Keep it up, man. Keep making America great. I mean, who needs to be on the leading edge of service anyway?
I'm in the same situation. I was originally going to move the 56Kb line out to the new house in the country and host my webserver there. Sure, it would cost a lot per month (same as his T) but that's the price of doing business. Then I got a sweetheart deal from my local ISP: help in exchange for hosting, plus a 384Kb frame relay line to my house. That was great for a few years, but it wasn't costing them any less, and when they quit using frame relay, they had to drop my home connection.
No cable on our road; too far out for DSL. I had used dialup, but I'd rather choke myself to death with a hampster. Tried satellite, but interactive use over a satellite is like shooting yourself in the foot, day after day. Finally found a local business which had cable with line of sight. I pay him $20/month rent to host a cablemodem, router, and antenna on the roof. I pay the cableco for a 5MB/512KB business connection, and I'm all set.
Don't piss off The Angry Economist
Well, yes, one always should do one's research beforehand. But that's like only seeing the tree in front of you, and missing the entire forest.
The basic problem here, and throughout the U.S., is that the so-called "last mile" lines are tightly controlled by the local monopoly, and closed off almost completely to any competition. When you don't have competition, you have no incentive to offer better service.

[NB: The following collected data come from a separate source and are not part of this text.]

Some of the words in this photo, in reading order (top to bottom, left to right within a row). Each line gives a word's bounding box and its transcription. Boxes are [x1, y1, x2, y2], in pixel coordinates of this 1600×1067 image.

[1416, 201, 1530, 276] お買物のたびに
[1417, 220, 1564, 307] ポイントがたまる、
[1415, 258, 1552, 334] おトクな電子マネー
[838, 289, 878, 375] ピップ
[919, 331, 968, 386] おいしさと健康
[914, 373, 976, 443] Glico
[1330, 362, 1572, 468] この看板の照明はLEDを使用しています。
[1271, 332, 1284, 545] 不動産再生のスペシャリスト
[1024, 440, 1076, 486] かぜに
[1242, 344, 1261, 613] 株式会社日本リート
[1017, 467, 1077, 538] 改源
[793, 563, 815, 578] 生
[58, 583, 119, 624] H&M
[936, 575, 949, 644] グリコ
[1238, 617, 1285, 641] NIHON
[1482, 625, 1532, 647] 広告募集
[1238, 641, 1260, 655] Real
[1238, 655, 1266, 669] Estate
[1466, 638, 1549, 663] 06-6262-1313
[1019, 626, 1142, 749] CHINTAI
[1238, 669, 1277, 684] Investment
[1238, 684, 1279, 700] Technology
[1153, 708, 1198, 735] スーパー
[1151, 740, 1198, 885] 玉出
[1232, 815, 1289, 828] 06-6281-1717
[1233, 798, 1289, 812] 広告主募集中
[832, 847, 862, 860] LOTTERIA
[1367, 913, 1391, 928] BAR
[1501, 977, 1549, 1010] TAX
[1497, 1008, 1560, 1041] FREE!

The only way we'll ever see either wider deployment, or 100 Mbs to the house in the next 10 years, is if the Telephone companies are divested of the Central Offices. That is, these are spun off into businesses which sell the lines to competing companies. Only then will you have motivation to upgrade the last mile with better services and speeds.
What I find amusing is that there's always someone who will say "but there won't be any interest in upgrading the rural areas". They always fail to realize that there is no interest right now, and isn't any on the horizon.
If you make this market truly competitive, then there will be interest. Now, granted the price will necessarily be higher, and that's where the main objection from people living out in the rural area comes from. But at least there will be service for a price. And that's what is needed to get the infrastructure ball rolling to deploy better solutions than just a T1 (which really looks rather pathetic these days).
It's also amusing that America is facing internation pressure on this front (while doing nothing about it). Other countries are deploying high-speed internet (100+ Mbs), while the best we've got being rolled out is a pathetic 6 Mbps.
Silicon Valley in particular is extremely lacking here.
Unless this is changed, and soon, there will be a lot of other countries which are in a better position to compete than the U.S.. The next 10 years will be interesting.
The best way to predict the future is to create it. - Peter Drucker.
The issue is broadband is becoming required infrastructure for business and rural areas don't have it. Areas of the country with less population density now have reliable power, roads and telephone service because the infrastructure was universally built out. Because of programs like the TVA (Tennessee Valley Authority) that electrified rural areas and the Interstate Highway system and regulation in industries like railroads and telephones, factories can reasonably be located in rural areas. Recent census data indicates urban and suburban areas are growing faster that rural areas which could be an indication that urban job growth is drawing people in. The question we have to ask ourselves as a nation, is do we want to return to a situation where production is centered on large urban areas or make the investment in infrastructure to make rural areas viable.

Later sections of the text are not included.